■ **Goal of the exercise**:
All entries are to be transcribed exactly. Pictures are not part of the copy.

►

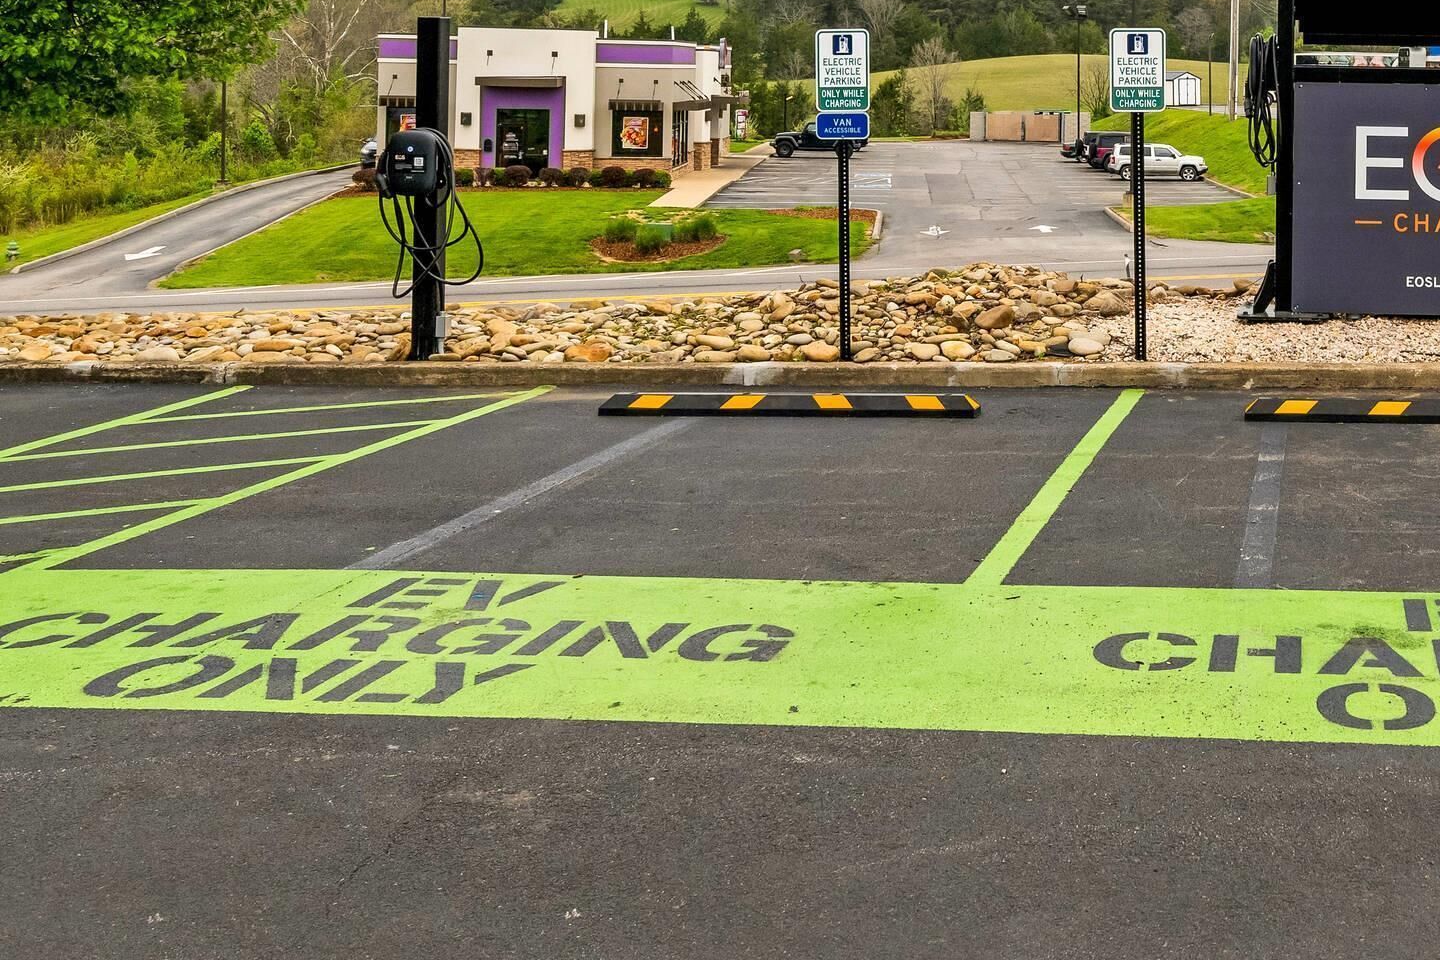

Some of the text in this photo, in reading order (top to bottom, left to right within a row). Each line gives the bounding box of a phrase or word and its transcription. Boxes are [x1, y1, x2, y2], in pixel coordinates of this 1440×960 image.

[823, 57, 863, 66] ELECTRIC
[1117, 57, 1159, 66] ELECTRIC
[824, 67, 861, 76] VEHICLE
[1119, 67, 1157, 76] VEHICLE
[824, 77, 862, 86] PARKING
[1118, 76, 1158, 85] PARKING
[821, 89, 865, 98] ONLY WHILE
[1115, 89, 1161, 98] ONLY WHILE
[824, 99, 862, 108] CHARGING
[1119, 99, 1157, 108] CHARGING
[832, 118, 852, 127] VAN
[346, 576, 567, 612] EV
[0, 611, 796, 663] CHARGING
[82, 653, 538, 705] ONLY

◄

■ **Solution to this task**:
Some of the text in this photo, in reading order (top to bottom, left to right within a row). Each line gives the bounding box of a phrase or word and its transcription. Boxes are [x1, y1, x2, y2], in pixel coordinates of this 1440×960 image.

[823, 57, 863, 66] ELECTRIC
[1117, 57, 1159, 66] ELECTRIC
[824, 67, 861, 76] VEHICLE
[1119, 67, 1157, 76] VEHICLE
[824, 77, 862, 86] PARKING
[1118, 76, 1158, 85] PARKING
[821, 89, 865, 98] ONLY WHILE
[1115, 89, 1161, 98] ONLY WHILE
[824, 99, 862, 108] CHARGING
[1119, 99, 1157, 108] CHARGING
[832, 118, 852, 127] VAN
[346, 576, 567, 612] EV
[0, 611, 796, 663] CHARGING
[82, 653, 538, 705] ONLY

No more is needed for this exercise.